Each entry should appear in the answer exactly as written.

Information given section start

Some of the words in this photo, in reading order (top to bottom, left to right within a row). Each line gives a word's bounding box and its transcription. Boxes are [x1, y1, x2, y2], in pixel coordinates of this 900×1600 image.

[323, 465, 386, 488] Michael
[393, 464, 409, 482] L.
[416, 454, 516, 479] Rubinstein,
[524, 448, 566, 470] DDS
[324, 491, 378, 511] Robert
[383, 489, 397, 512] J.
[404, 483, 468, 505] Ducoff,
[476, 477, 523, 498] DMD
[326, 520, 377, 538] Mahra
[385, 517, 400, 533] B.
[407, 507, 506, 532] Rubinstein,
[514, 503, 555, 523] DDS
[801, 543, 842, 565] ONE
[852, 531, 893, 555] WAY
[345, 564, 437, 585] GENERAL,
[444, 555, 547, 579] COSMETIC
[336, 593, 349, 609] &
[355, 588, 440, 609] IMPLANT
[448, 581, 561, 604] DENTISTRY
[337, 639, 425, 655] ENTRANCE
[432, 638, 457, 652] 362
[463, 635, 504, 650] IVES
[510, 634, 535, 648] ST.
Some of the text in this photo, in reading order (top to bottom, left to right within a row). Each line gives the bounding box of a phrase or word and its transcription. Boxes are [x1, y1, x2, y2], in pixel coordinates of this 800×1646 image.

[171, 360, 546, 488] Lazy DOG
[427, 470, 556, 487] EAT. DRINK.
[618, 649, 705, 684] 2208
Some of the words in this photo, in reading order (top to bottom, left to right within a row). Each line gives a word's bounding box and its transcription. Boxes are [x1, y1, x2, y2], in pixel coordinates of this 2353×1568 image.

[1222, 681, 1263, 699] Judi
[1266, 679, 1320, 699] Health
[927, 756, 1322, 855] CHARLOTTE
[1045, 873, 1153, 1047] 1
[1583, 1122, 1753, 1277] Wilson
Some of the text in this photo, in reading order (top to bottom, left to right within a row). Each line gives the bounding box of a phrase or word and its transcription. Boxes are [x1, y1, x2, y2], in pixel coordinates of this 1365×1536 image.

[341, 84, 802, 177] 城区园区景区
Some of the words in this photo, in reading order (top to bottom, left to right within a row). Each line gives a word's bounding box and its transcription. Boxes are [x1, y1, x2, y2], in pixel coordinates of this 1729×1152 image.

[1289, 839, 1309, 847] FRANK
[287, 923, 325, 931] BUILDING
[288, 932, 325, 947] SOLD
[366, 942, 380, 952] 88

Information given section end

Answer for the task:
Some of the words in this photo, in reading order (top to bottom, left to right within a row). Each line gives a word's bounding box and its transcription. Boxes are [x1, y1, x2, y2], in pixel coordinates of this 900×1600 image.

[323, 465, 386, 488] Michael
[393, 464, 409, 482] L.
[416, 454, 516, 479] Rubinstein,
[524, 448, 566, 470] DDS
[324, 491, 378, 511] Robert
[383, 489, 397, 512] J.
[404, 483, 468, 505] Ducoff,
[476, 477, 523, 498] DMD
[326, 520, 377, 538] Mahra
[385, 517, 400, 533] B.
[407, 507, 506, 532] Rubinstein,
[514, 503, 555, 523] DDS
[801, 543, 842, 565] ONE
[852, 531, 893, 555] WAY
[345, 564, 437, 585] GENERAL,
[444, 555, 547, 579] COSMETIC
[336, 593, 349, 609] &
[355, 588, 440, 609] IMPLANT
[448, 581, 561, 604] DENTISTRY
[337, 639, 425, 655] ENTRANCE
[432, 638, 457, 652] 362
[463, 635, 504, 650] IVES
[510, 634, 535, 648] ST.
Some of the text in this photo, in reading order (top to bottom, left to right within a row). Each line gives the bounding box of a phrase or word and its transcription. Boxes are [x1, y1, x2, y2], in pixel coordinates of this 800×1646 image.

[171, 360, 546, 488] Lazy DOG
[427, 470, 556, 487] EAT. DRINK.
[618, 649, 705, 684] 2208
Some of the words in this photo, in reading order (top to bottom, left to right within a row). Each line gives a word's bounding box and its transcription. Boxes are [x1, y1, x2, y2], in pixel coordinates of this 2353×1568 image.

[1222, 681, 1263, 699] Judi
[1266, 679, 1320, 699] Health
[927, 756, 1322, 855] CHARLOTTE
[1045, 873, 1153, 1047] 1
[1583, 1122, 1753, 1277] Wilson
Some of the text in this photo, in reading order (top to bottom, left to right within a row). Each line gives the bounding box of a phrase or word and its transcription. Boxes are [x1, y1, x2, y2], in pixel coordinates of this 1365×1536 image.

[341, 84, 802, 177] 城区园区景区
Some of the words in this photo, in reading order (top to bottom, left to right within a row). Each line gives a word's bounding box and its transcription. Boxes are [x1, y1, x2, y2], in pixel coordinates of this 1729×1152 image.

[1289, 839, 1309, 847] FRANK
[287, 923, 325, 931] BUILDING
[288, 932, 325, 947] SOLD
[366, 942, 380, 952] 88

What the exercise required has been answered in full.